From Berlin to Munich: Rising rents: what 70 square meters in the city now cost

It's not good news for people looking for a new apartment: rents in Germany continue to rise.

From Berlin to Munich: Rising rents: what 70 square meters in the city now cost

It's not good news for people looking for a new apartment: rents in Germany continue to rise. According to an evaluation by Immoscout, asking rents increased noticeably throughout Germany in the second quarter - after there had already been an increase in the previous months. Existing apartments were offered an average of 2.5 percent more expensive than in the first quarter and new apartments by 2.2 percent. Compared to the offers a year ago, the rents are 7.2 percent (existing) and 6.3 percent (new building) higher.

The situation in the metropolises remains the most difficult. Rents there continue to rise despite the already high rent level, albeit in some cases not quite as much as at the beginning of the year. "The pressure on the rental market is continuing, especially in the metropolitan areas. More and more people are being forced to look for a rental apartment outside of the metropolis." says Gesa Crockford, Managing Director of Immoscout24.

This also has consequences for rent levels in the suburbs. A separate evaluation by Immoscout recently showed that rents in some smaller cities with good public transport connections to a metropolis have multiplied within a year. All Immoscout figures are rents at which apartments are offered and not rent increases in existing tenancies.

In the metropolises themselves, asking rents have risen significantly more than the general rate of inflation within a year. Existing apartments in Berlin were recently offered 15.6 percent more expensive than a year ago, new apartments even 16.9 percent. In the capital, the housing shortage is particularly striking. If you look around on Immoscout, you will mainly find one-room apartments and furnished accommodation in Berlin.
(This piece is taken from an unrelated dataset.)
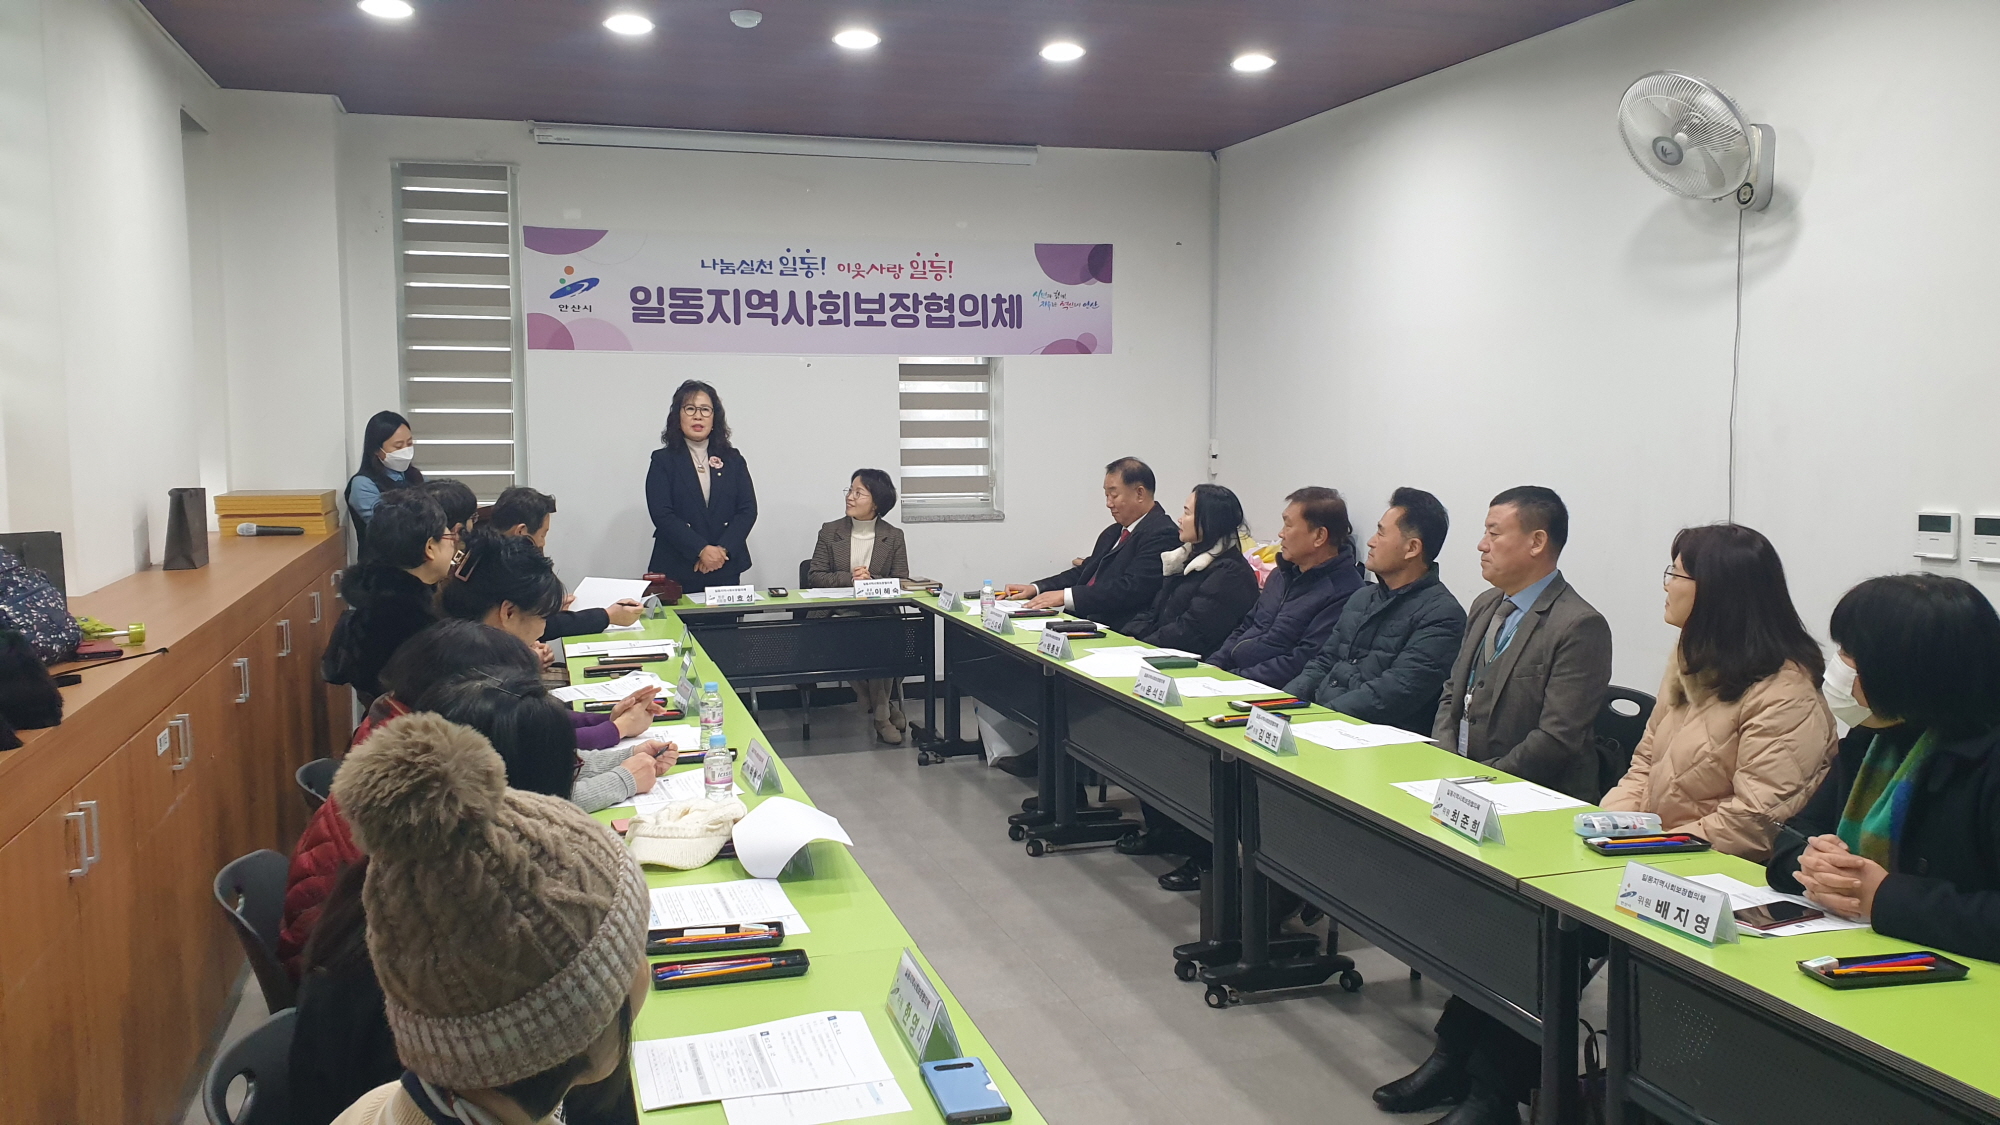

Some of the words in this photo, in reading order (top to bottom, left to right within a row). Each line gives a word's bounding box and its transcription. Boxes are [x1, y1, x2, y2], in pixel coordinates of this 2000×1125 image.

But also in Munich and Stuttgart, in Cologne and Dusseldorf, the asking rents have risen by more than ten percent on average within twelve months. In Frankfurt and Hamburg, the increase is somewhat smaller, but still respectable (see table).
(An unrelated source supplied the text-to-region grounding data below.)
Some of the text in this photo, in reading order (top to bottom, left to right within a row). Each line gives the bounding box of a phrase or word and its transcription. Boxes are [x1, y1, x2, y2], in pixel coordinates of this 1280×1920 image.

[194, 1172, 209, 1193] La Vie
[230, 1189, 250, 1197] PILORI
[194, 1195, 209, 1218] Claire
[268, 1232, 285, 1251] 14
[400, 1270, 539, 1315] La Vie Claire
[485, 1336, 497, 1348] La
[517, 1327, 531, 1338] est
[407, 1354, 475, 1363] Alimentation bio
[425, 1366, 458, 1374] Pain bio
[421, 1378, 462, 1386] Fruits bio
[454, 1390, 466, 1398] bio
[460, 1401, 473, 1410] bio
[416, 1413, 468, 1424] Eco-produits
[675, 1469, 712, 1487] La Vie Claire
Immoscout uses a two-room apartment with 70 square meters as an example to show how high the rent level in the major cities is now. For a new apartment of this size you have to pay more than 1000 euros cold rent in each of the top 7 metropolises - in Munich it is even 1600 euros cold. Existing apartments with 70 square meters are offered in the metropolises for around 900 euros cold, in Munich for over 1300 euros.

existing apartment

new build apartment


575 Euro


788 Euro



899 Euro


1259 Euro



843 Euro


1008 Euro



950 Euro


1147 Euro



929 Euro


1086 Euro



904 Euro


1010 Euro



1343 Euro


1603 Euro



942 Euro


1260 Euro


Source: Immoscout

Immoscout gives tenants little hope for the further development of rents. "If no new apartments come onto the market, demand will remain at the high level and in some cases will increase even further," says Immoscout boss Crockford. She believes that the rising rents will make buying a home more attractive again, despite the high interest rates.
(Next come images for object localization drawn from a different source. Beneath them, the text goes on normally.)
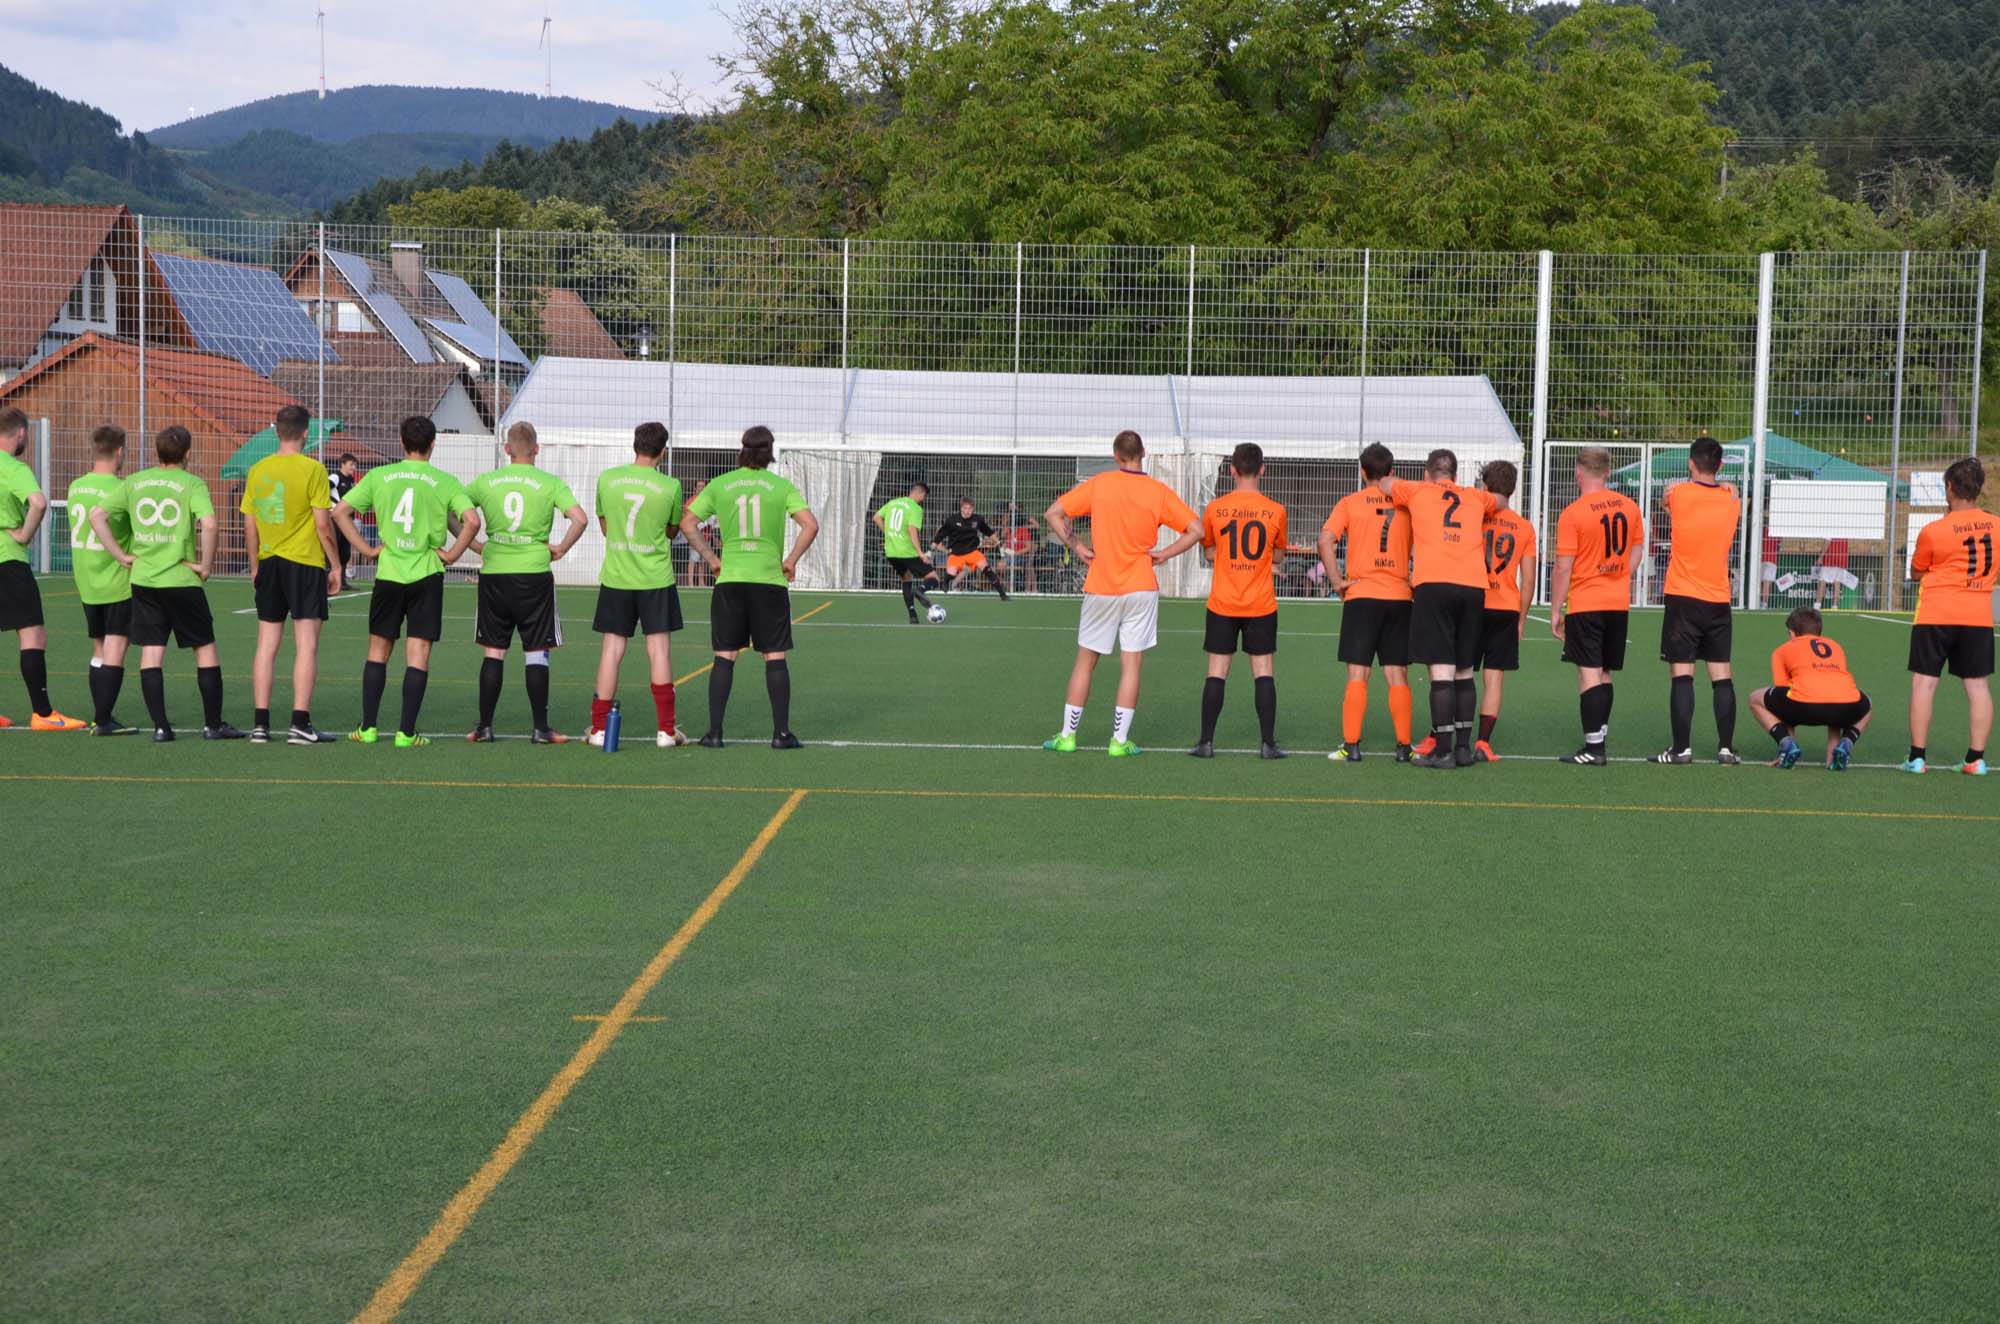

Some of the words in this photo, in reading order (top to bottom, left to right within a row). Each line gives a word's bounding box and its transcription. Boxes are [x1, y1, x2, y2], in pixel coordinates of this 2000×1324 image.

[392, 487, 414, 534] 4
[503, 491, 524, 532] 9
[623, 493, 645, 538] 7
[735, 493, 761, 539] 11
[889, 507, 903, 532] 10
[1216, 508, 1229, 518] SG
[1231, 508, 1258, 518] Zeller
[1260, 509, 1275, 520] FV
[1366, 496, 1384, 504] Devil
[1442, 490, 1462, 528] 2
[1220, 519, 1266, 560] 10
[1376, 508, 1397, 553] 7
[1483, 529, 1515, 574] 19
[1600, 511, 1628, 559] 10
[1962, 533, 1993, 577] 11
[1810, 638, 1833, 659] 6
This is also indicated by figures on real estate for sale, which the portal has also collected. According to this, the – previously collapsed – demand for real estate for sale in most metropolises has risen again for the third quarter in a row. If you want to buy an apartment or a house in one of the seven metropolises, you usually have to pay a slightly lower price than you did a year ago. "At the moment there is still an excess supply on the purchase market, which leaves room for price negotiations," says Crockford. "However, it remains to be seen how long this situation will continue."